Bien souvent, l'élève opère une sélection de mot dans une démarche plus poétique que scientifique; on lui demande de faire usage de la parole; conscient qu'il est une parole quotidienne, banale, purement informative, et une autre, plus noble, plus élevée, étrangère au langage spontané, d'ordre supérieur, et douée de la capacité de plaire, de charmer et même de subjuguer, il optera pour la seconde, croyant ainsi séduire son correcteur.

Pinaillage?

Est-ce pinailler, c'est à dire porter un soin excessif au détail, que de s'attarder au sens et à l'étymologie des mots?
Je me rappelle un débat stérile avec des collègues il y a quelques années. Leur thèse était la suivante: être contre l'emploi de la morale, et pour celui de l'éthique.
Mos et Ethos veulent dire à peu près la même chose, en latin pour mos, en grec pour ethos: on parle du comportement de l'être humain.
Or il ne s'agissait pas alors de définir les termes du débat; on ne prêtait pas attention au sens des mots, mais à leur connotation, à leur "musique", pour employer une métaphore (au risque moi aussi de faire de la poésie).
Ainsi, le mot "morale" correspond à une musique très (trop?) entendue. Une musique conservatrice, quand le terme "éthique" suggère le sérieux de la science, comme c'est souvent le cas avec les racines grecques, avec l'objectivité que cela suppose, etc. La moral serait un comportement que l'on impose; l'éthique supposerait une réflexion préalable au choix comportemental. J'ai des souvenir très vifs d'incompréhension consternée de ce débat - simplement parce qu'ils ne voulaient pas en poser les définitions.
Cette "musique", c'est nous qui la jouons, en utilisant les mots à travers les siècles, à travers l'espace; leur profération répétée par tous, dans certains contextes semblables, les "colore", les associe à un "ton" particulier.
On peut y prendre garde, cela mérite notre attention; mais privilégier la connotation au sens: non.

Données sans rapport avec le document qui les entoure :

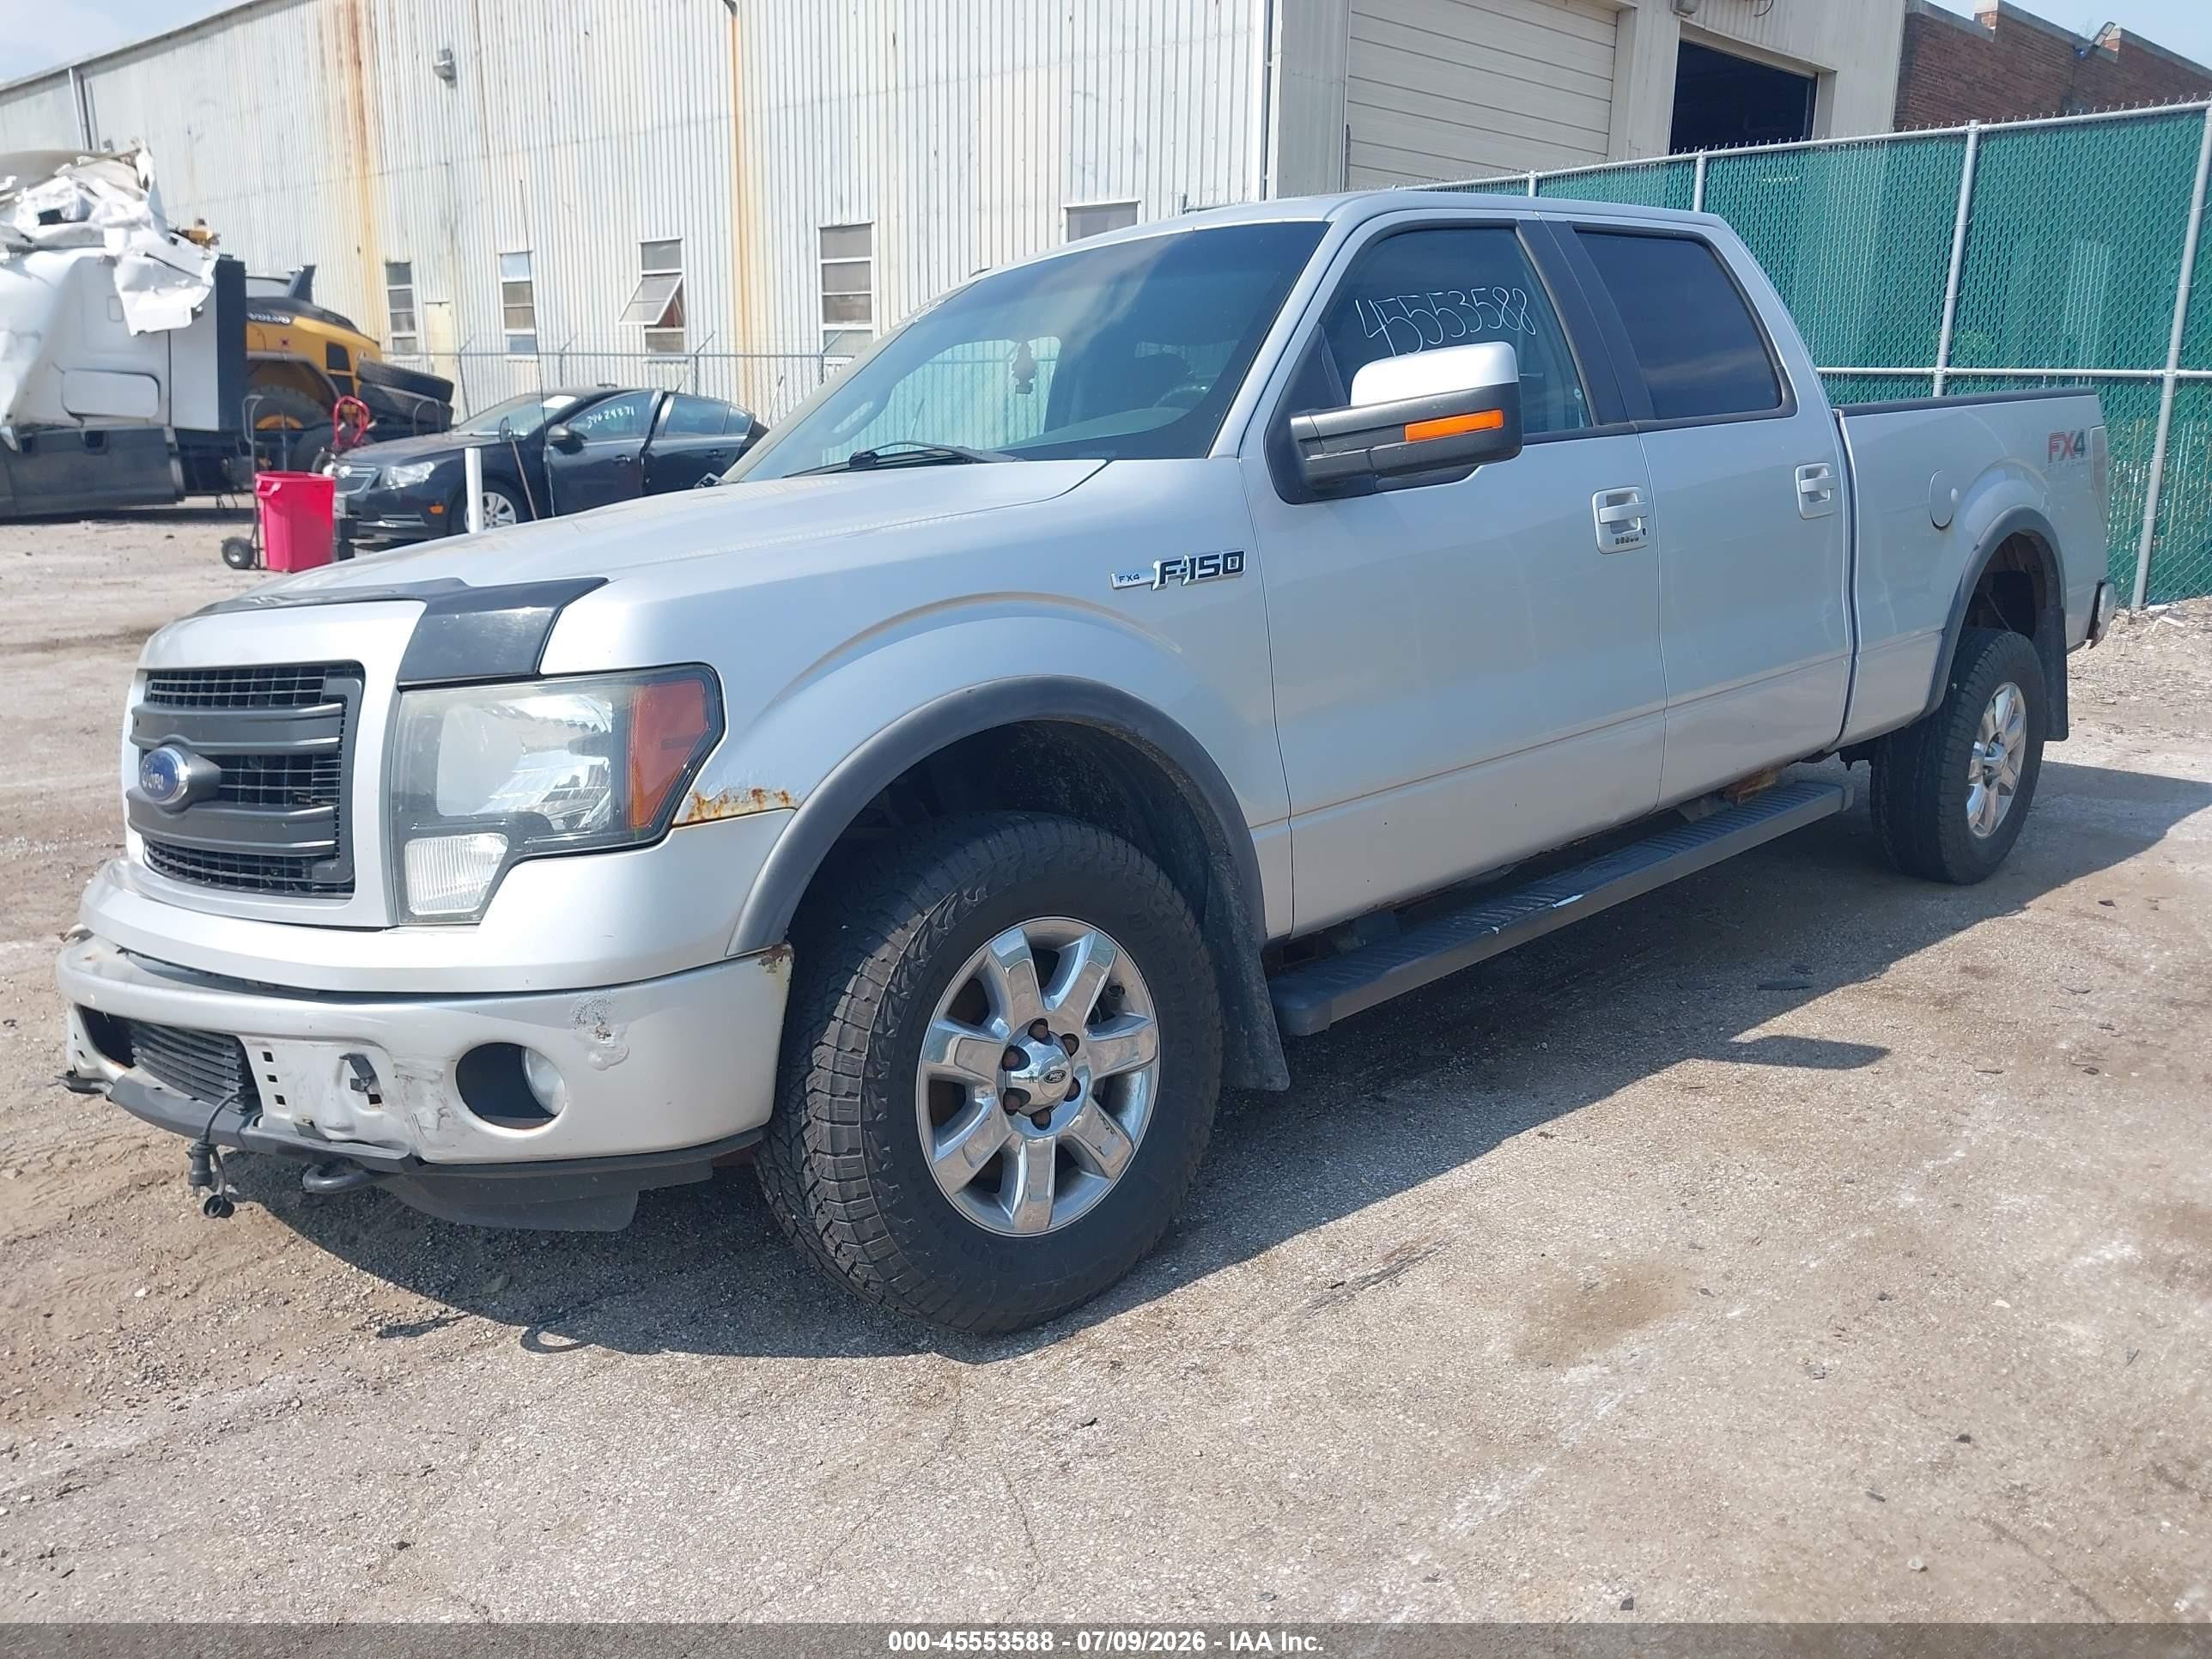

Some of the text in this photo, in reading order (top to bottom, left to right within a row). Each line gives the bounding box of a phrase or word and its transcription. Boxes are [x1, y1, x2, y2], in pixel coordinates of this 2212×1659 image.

[1353, 286, 1537, 357] 45553588
[2047, 428, 2086, 463] FX4
[1118, 549, 1246, 592] FX4 F-150

La connotation est la signification affective accordée à un mot en plus de sa signification première. Un devoir de philosophie doit employer un mot pour son sens effectif, pas pour son sens affectif.

La parole qui subjugue.

Ainsi la parole subjugue, comme je l'ai dit plus haut (sub-juguer: faire passer sous le joug, comme les boeufs tirant la charrue), par le charme, mais aussi par le blâme, qui fige la cible en la disqualifiant.

C'est tout le pouvoir de la formule "tu es" / "il est" + nomcommun ou adjectif qualificatif.

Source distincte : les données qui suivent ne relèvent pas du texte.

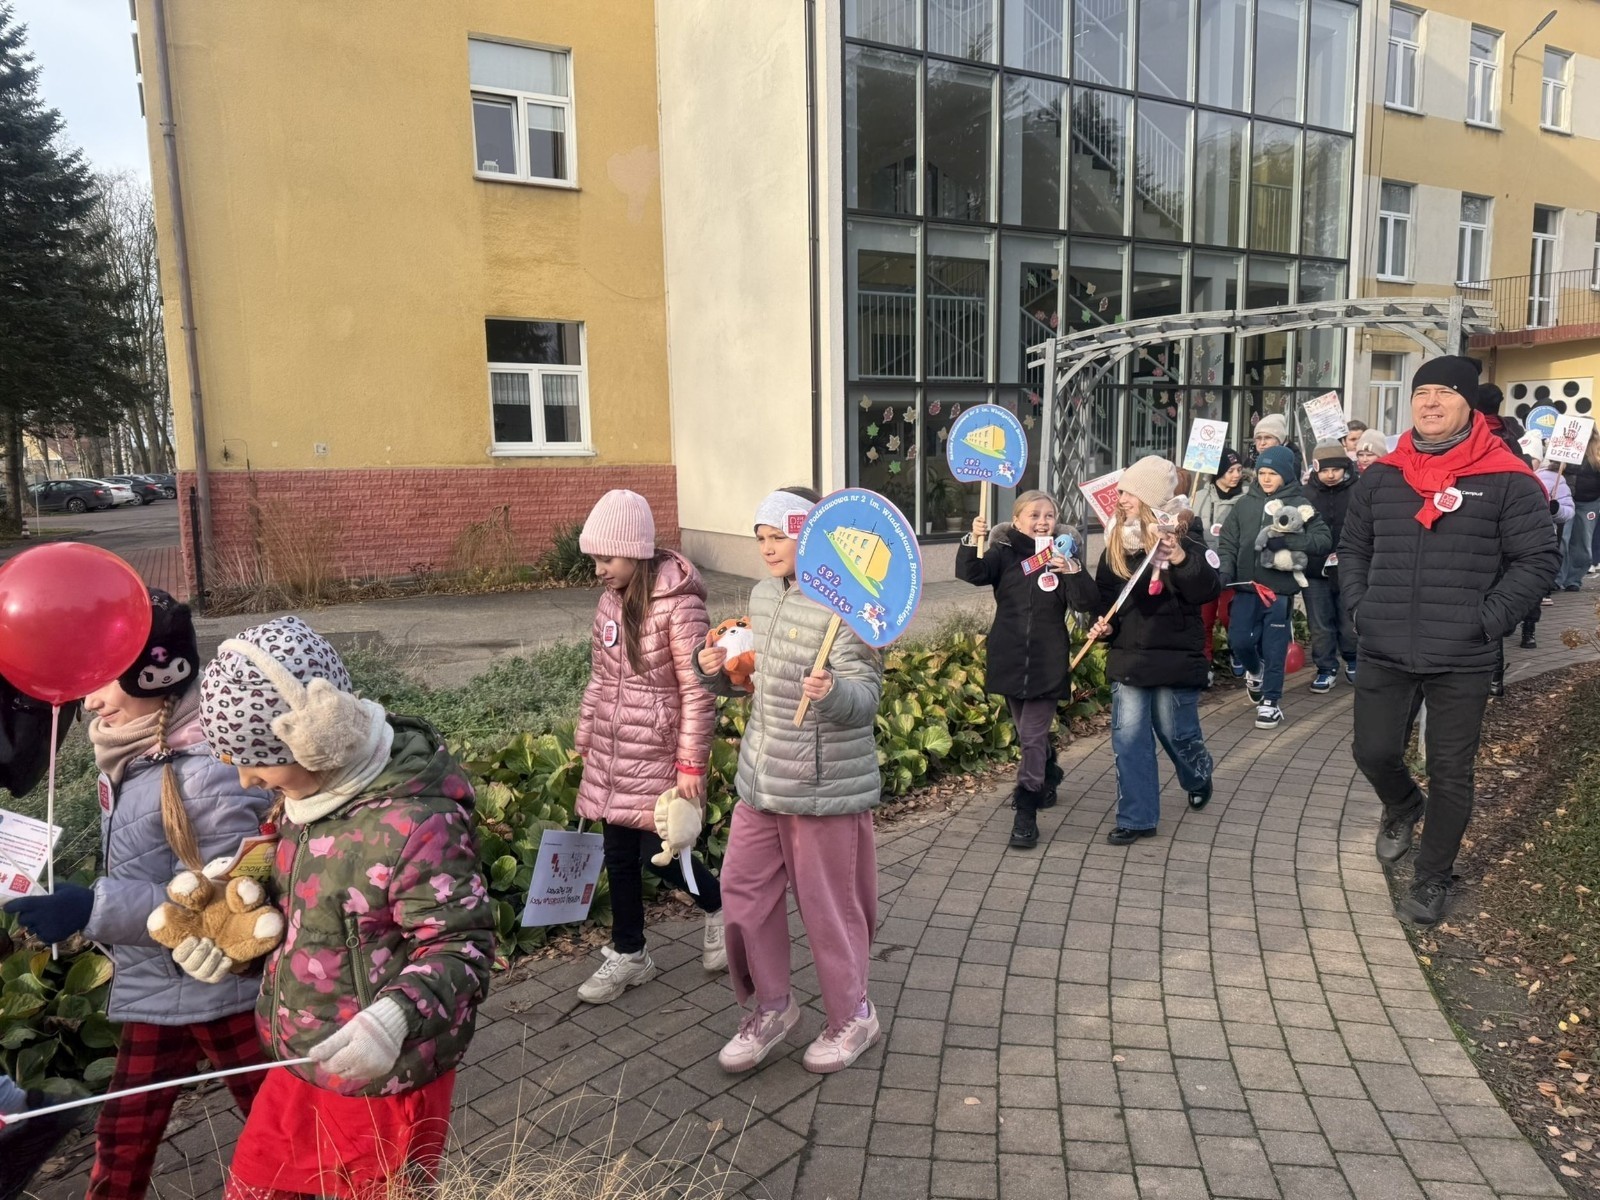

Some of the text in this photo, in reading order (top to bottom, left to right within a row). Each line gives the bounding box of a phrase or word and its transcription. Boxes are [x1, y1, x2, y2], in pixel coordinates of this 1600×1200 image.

Il existe un univers entre "ton travail est nul" et "tu es nul". Les deux formules ne sont certes peut-être pas idéales en pédagogie. Mais, s'il le faut, il vaudra toujours mieux que le qualificatif porte sur la production que sur l'être de celui qui la produit. Le mot a le pouvoir de créer des identités, des essences et d'y enfermer la personne. Et cela est valable pour ce qui est du compliment. "tu es gentil" est un qualificatif arbitraire et une parole déconnectée de la réalité effective.  "bravo pour avoir aidé ton voisin à réaliser son exposé" a le mérite de désigner un acte précis: la réalité. Pas une parole magique.

En conclusion, je rappellerai qu'en situation politique le mot infâmant est habituellement utilisé de nos jours, mots en -phobe, en -iste, mot magique finalement qui a l'avantage d' "essentialiser" la cible ; on requalifie son être; et, gros avantage moral, on s'accorde la liberté de le haïr en bonne conscience.

Il est bien plus coûteux en temps, en énergie, et finalement en bonne foi, de dire "tel jour, dans telle situation, Untel a tenu des propos que l'on peut qualifier de -iste, critiquables pour telle et telle raison." Le mot magique tire sa force de sa brieveté.